Comparing simple or multiple regressions estimates is in itself interesting. There are only two special cases where simple regression of $y$ on $x_1$ will produce the same OLS estimate on $x_1$ as regressing $y$ on $x_1$ and $x_2$. Let's see why.
$\tilde{y}=\tilde{\beta_o}+\tilde{\beta_1}x_1$ and the multiple regression analog $\hat{y}=\hat{\beta_o}+\hat{\beta_1}x_1+\hat{\beta_2}x_2$.
There is the following relationship between $\tilde {\beta_1}$ and $\hat{\beta_1}$:
$$\tilde{\beta_1}=\hat{\beta_1}+\hat{\beta_2}\tilde{\phi_1}$$ where $\tilde{\phi_1}$ is the slope coefficient of the simple regression of $x_{i2}$ on $x_{i1}$, $i=1,...n$.
Therefore, $\tilde{\beta_1}$ differs from the partial effect of $x_1$ on $\hat{y}$. The confounding term is the partial effect of $x_2$ on $\hat{y}$ times the slope in the sample regression of $x_2$ on $x_1$.
There are two distinct cases where they are equal:
- the partial effect of $x_2$ on $\hat{y}$ is zero in the sample ($\hat{\beta_2}=0$)
- $x_1$ and $x_2$ are uncorrelated in the sample ($\tilde{\phi_1}=0$)
Showing this omitted variable bias in general requires a bit of matrix algebra and is not important here. All I want to show is that if you assume that both play a role, leaving either out, will lead in biased estimates. That is why defining an appropriate model is actually quite difficult. Not because of causality (alone) but really because correlation alone is not what matters in regression analysis. The simple regression result of $$\frac{sample \ covariance \ of \ x \ and \ y}{sample \ variance \ of \ x}$$ only works if the two conditions above are fulfilled. Otherwise, your estimator is biased.

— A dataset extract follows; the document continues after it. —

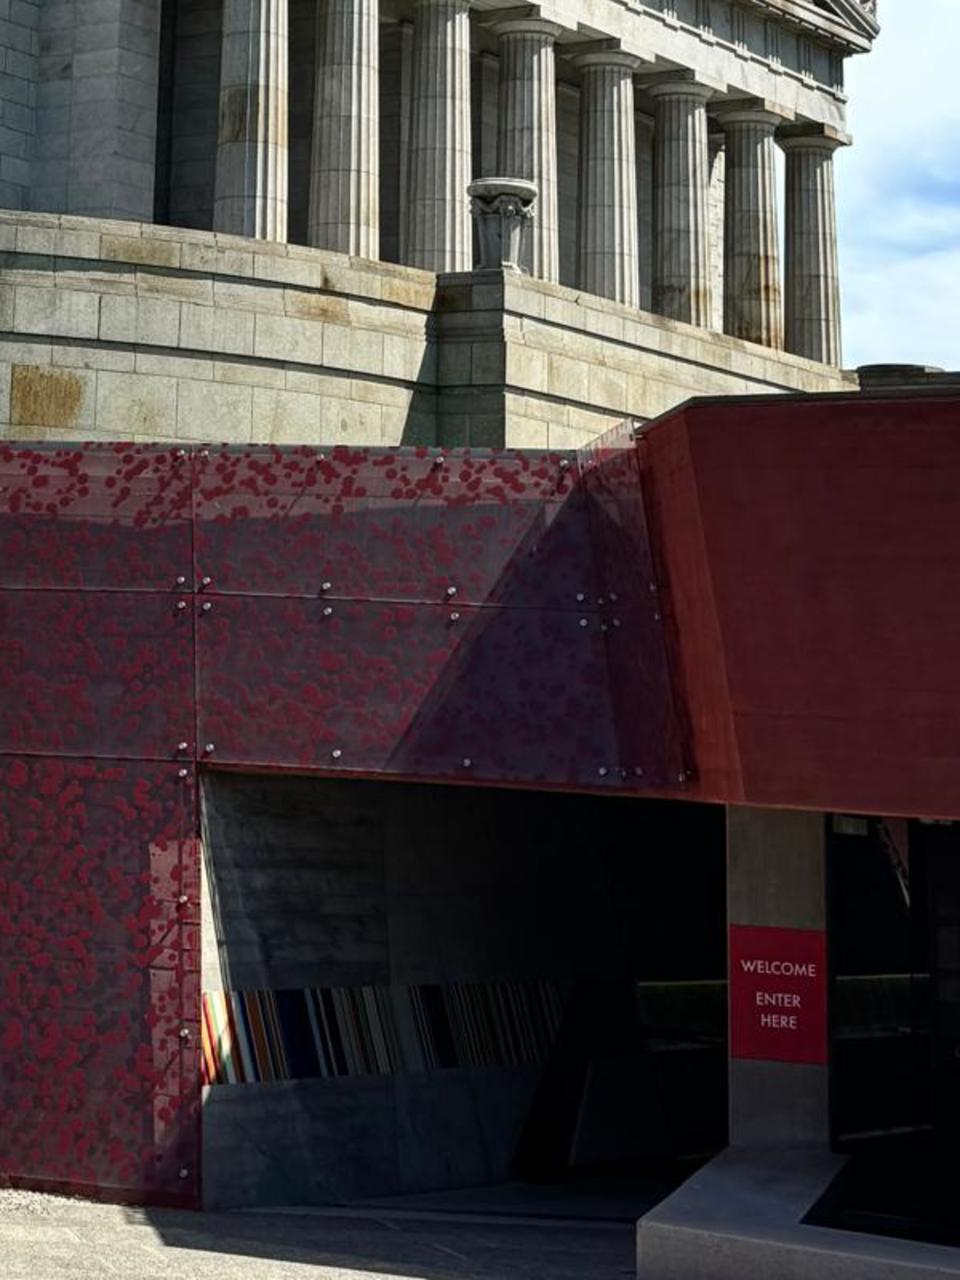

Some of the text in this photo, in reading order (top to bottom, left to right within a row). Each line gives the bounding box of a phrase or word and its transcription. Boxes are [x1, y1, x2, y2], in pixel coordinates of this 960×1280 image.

[741, 959, 817, 977] WELCOME
[756, 991, 801, 1008] ENTER
[761, 1014, 798, 1029] HERE

What you want to address is multicollinearity. The wikipedia article also offers guidance for detection as well as it's implication.
I have never modelled anything related to laws but posing a question and answering it with statistics is a delicate and complex task. I usually follow something along the line of:
What do I try to achieve?
What is my hypothesis? What is the (economic) theory behind it?
Has this been asked before somewhere? If so, what did they use and
why?
What kind of model will I need to use? GLM (OLS), ML, ARIMA,... and what functional form is best suited for this.
What data will be needed to answer this (and satisfy the
assumptions of the model of choice)
How do I need to clean, transform and check my data before I can use it. Is it stationary? Is it noisy? Any structural breaks (Paul Volker, Great Moderation, Dot.com bubble, Subprime crisis, Covid crises, in your case new laws, to name a few)? How do I account for these regime switches?
Is there a different factor influencing this.
Am I at risk of omitted variable bias? Or multicollinearity?
What tests are best suited to check for the problems above? How to check for stationarity, collinearity, ...
Once a model is setup, data is collected and appropriately transformed, you check your results. For example, is my error term uncorrelated with me explanatory variable(s). If not, what did I miss. Redo the above.
Am I overdoing it now (data mining)?
How do the results compare to existing findings? How do I interpret them?
A correlation of 0.9728 is not something I think should be used.